Cache: a place for concealment and safekeeping

This post shows briefly how CPU caches are organized in modern Intel processors. Cache discussions often lack concrete examples, obfuscating the simple concepts involved. Or maybe my pretty little head is slow. At any rate, here’s half the story on how a Core 2 L1 cache is accessed:

Selecting an L1 cache set (row)

The unit of data in the cache is the line, which is just a contiguous chunk of bytes in memory. This cache uses 64-byte lines. The lines are stored in cache banks or ways, and each way has a dedicated directory to store its housekeeping information. You can imagine each way and its directory as columns in a spreadsheet, in which case the rows are the sets. Then each cell in the way column contains a cache line, tracked by the corresponding cell in the directory. This particular cache has 64 sets and 8 ways, hence 512 cells to store cache lines, which adds up to 32KB of space.

In this cache’s view of the world, physical memory is divided into 4KB physical pages.
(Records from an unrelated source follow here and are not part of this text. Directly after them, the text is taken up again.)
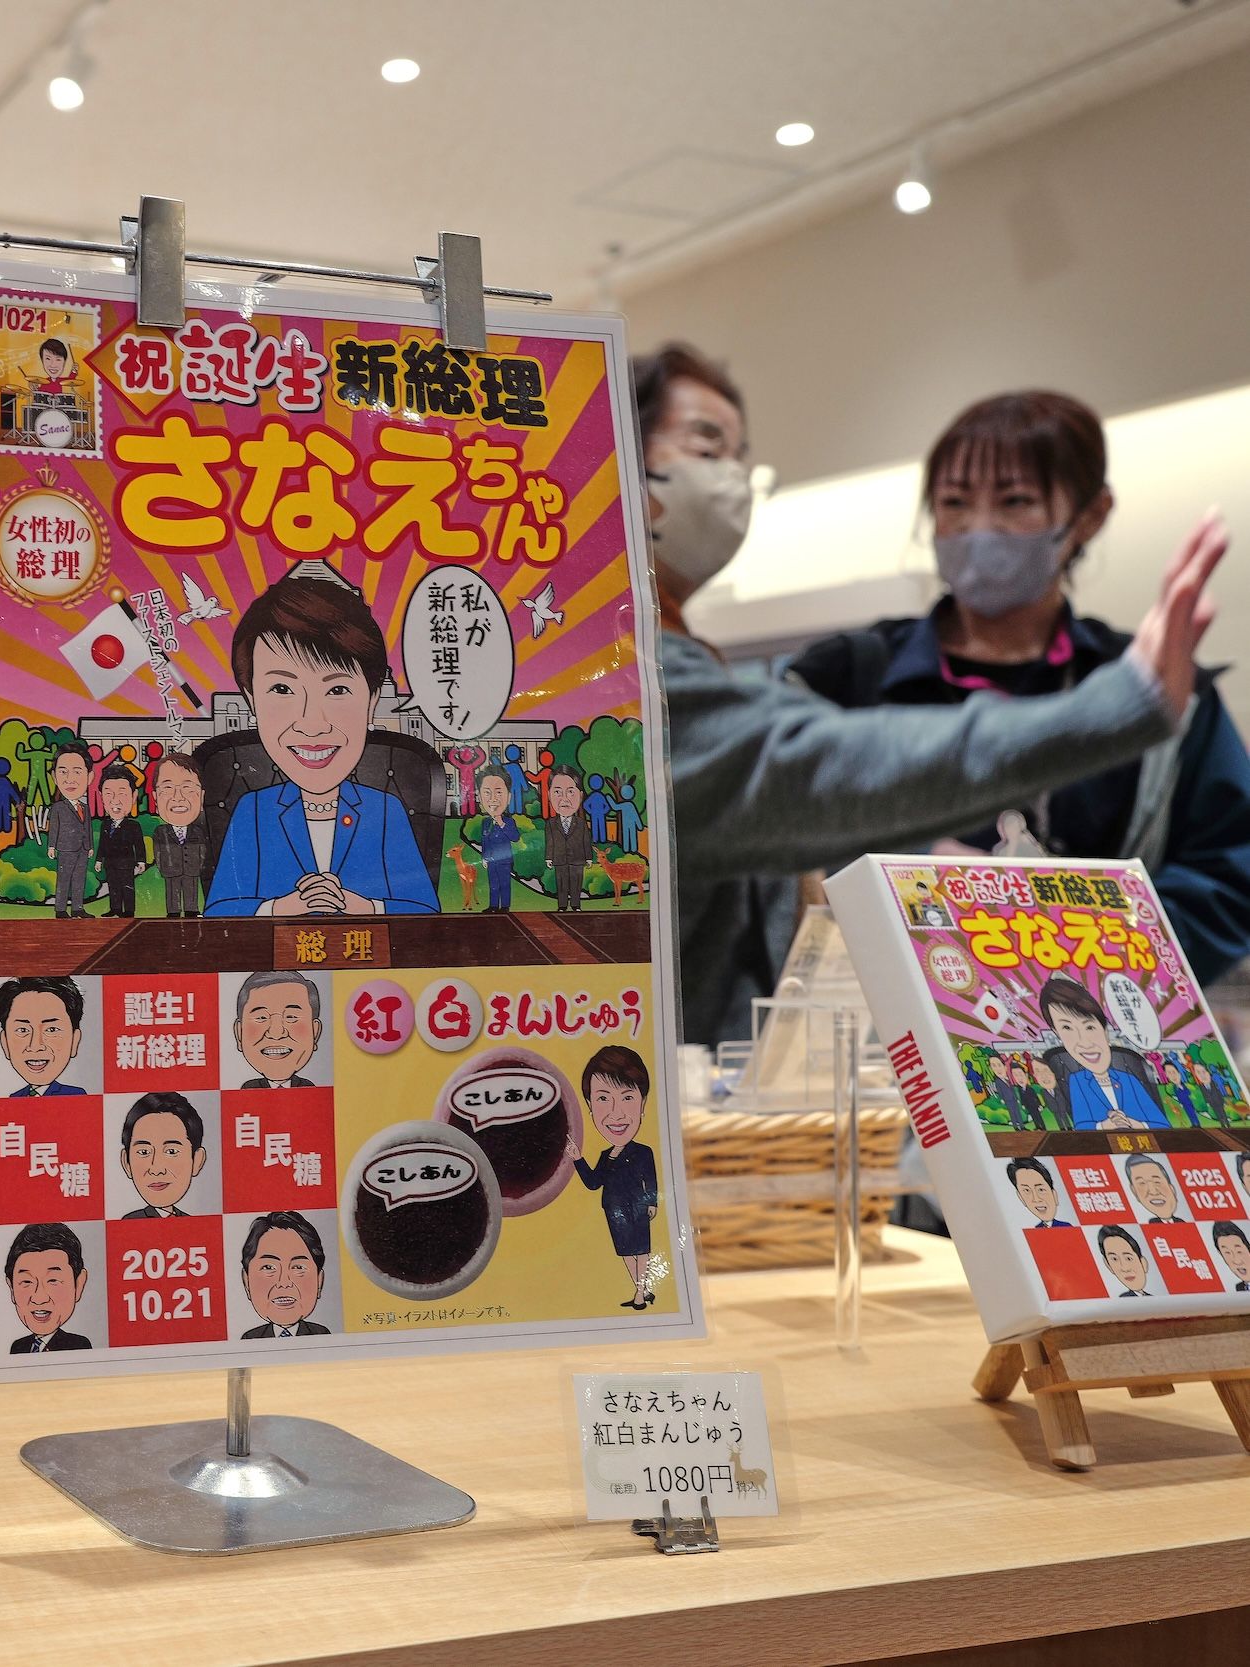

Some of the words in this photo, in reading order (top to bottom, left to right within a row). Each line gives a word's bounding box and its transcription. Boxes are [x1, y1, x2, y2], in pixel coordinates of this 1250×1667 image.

[114, 415, 563, 562] さなえちゃん
[6, 515, 91, 544] 女性初の
[16, 548, 81, 580] 総理
[150, 590, 178, 651] 日本初の
[460, 583, 491, 647] 私が
[295, 929, 374, 963] 総理
[960, 909, 1156, 970] さなえちゃん
[123, 992, 195, 1026] 誕生!
[116, 1034, 206, 1070] 新総理
[887, 1031, 923, 1079] THE
[464, 1088, 544, 1107] こしあん
[900, 1072, 951, 1150] MANJU
[235, 1114, 322, 1187] 自民糖
[1116, 1135, 1153, 1151] 総理
[0, 1123, 91, 1198] 自民糖
[377, 1165, 462, 1184] こしあん
[1182, 1169, 1226, 1187] 2025
[1075, 1193, 1126, 1213] 新総理
[1190, 1191, 1237, 1209] 10.21
[122, 1247, 209, 1280] 2025
[122, 1288, 213, 1322] 10.21
[604, 1391, 732, 1413] さなえちゃん
[593, 1422, 743, 1447] 紅白まんじゅう
Each page has 4KB / 64 bytes == 64 cache lines in it. When you look at a 4KB page, bytes 0 through 63 within that page are in the first cache line, bytes 64-127 in the second cache line, and so on. The pattern repeats for each page, so the 3rd line in page 0 is different than the 3rd line in page 1.

In a fully associative cache any line in memory can be stored in any of the cache cells. This makes storage flexible, but it becomes expensive to search for cells when accessing them. Since the L1 and L2 caches operate under tight constraints of power consumption, physical space, and speed, a fully associative cache is not a good trade off in most scenarios.
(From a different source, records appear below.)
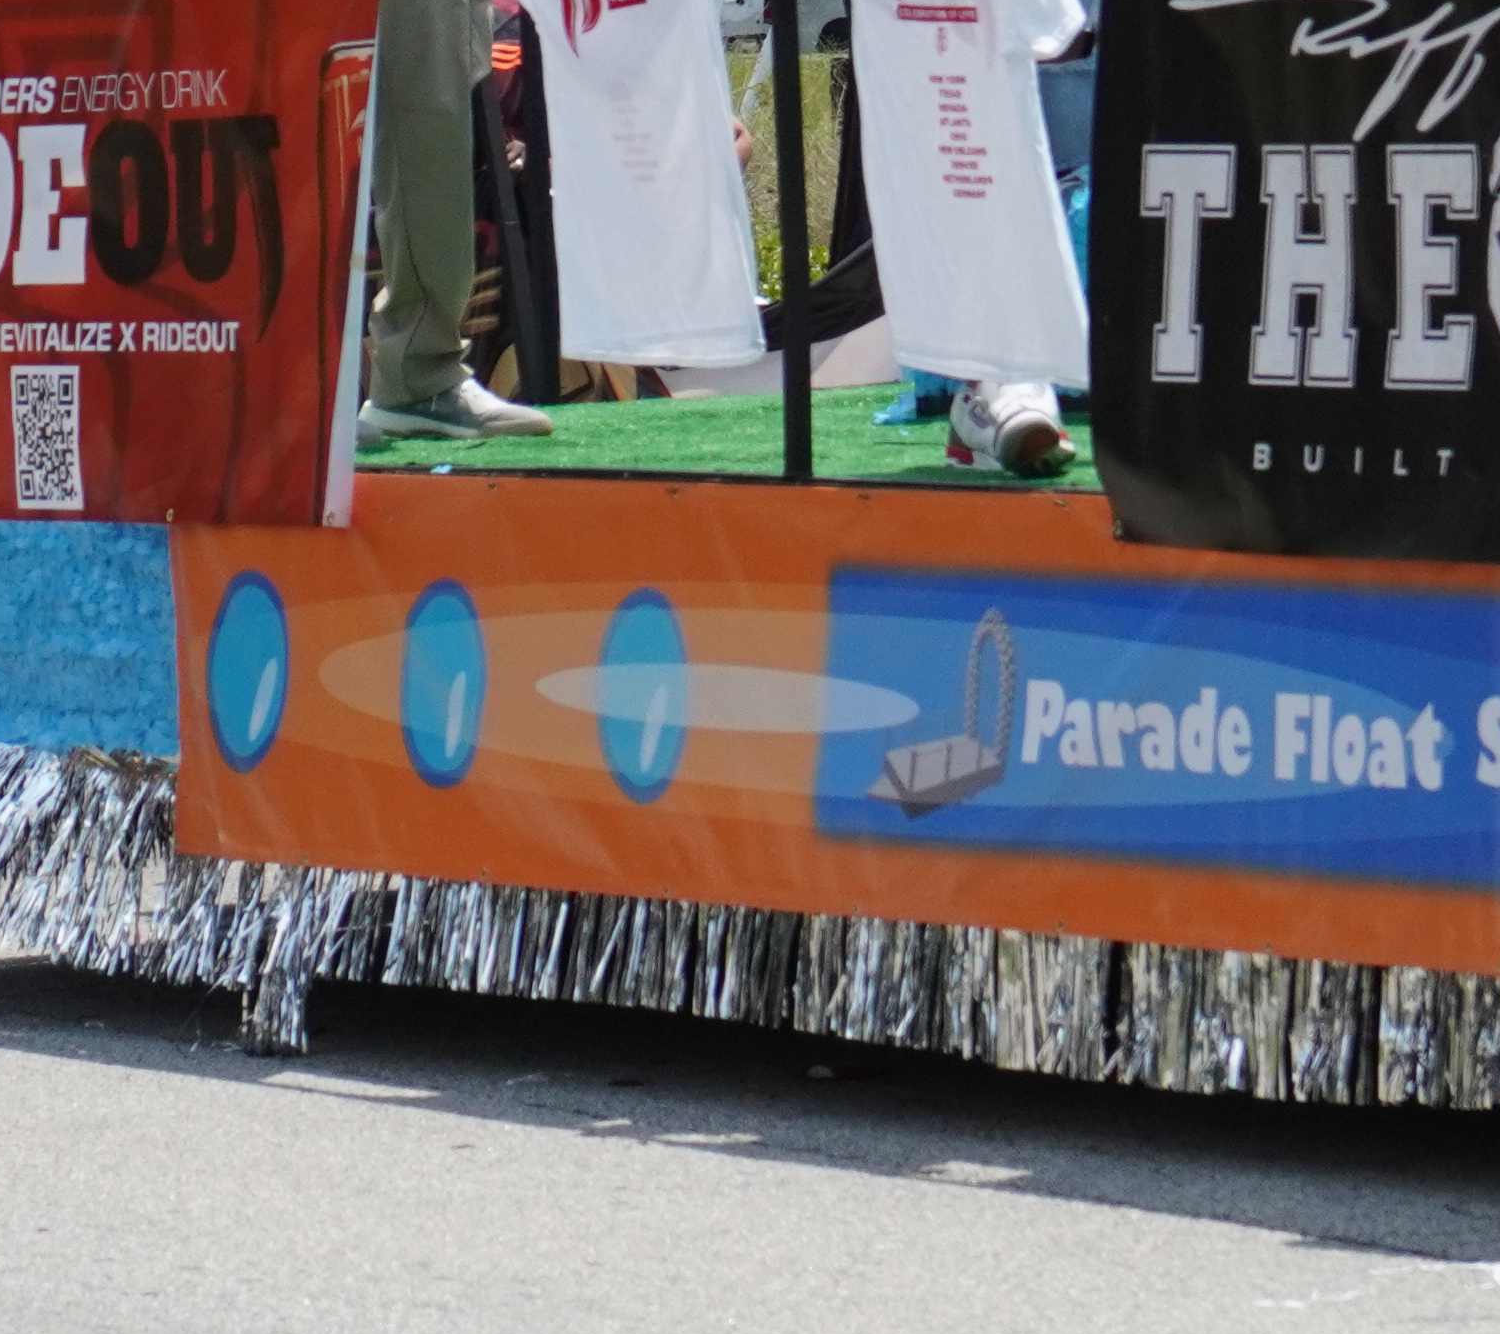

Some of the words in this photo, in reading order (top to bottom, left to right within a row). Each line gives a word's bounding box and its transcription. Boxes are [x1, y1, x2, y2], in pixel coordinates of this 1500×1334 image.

[60, 71, 154, 114] ENERGY
[160, 69, 228, 108] DRINK
[1139, 142, 1480, 392] THE
[118, 321, 136, 351] X
[142, 320, 239, 353] RIDEOUT
[1251, 442, 1454, 477] BUILT
[1020, 678, 1254, 777] Parade
[1272, 690, 1448, 793] Float
Instead, this cache is set associative, which means that a given line in memory can only be stored in one specific set (or row) shown above. So the first line of any physical page (bytes 0-63 within a page) must be stored in row 0, the second line in row 1, etc. Each row has 8 cells available to store the cache lines it is associated with, making this an 8-way associative set. When looking at a memory address, bits 11-6 determine the line number within the 4KB page and therefore the set to be used. For example, physical address 0x800010a0 has 000010 in those bits so it must be stored in set 2.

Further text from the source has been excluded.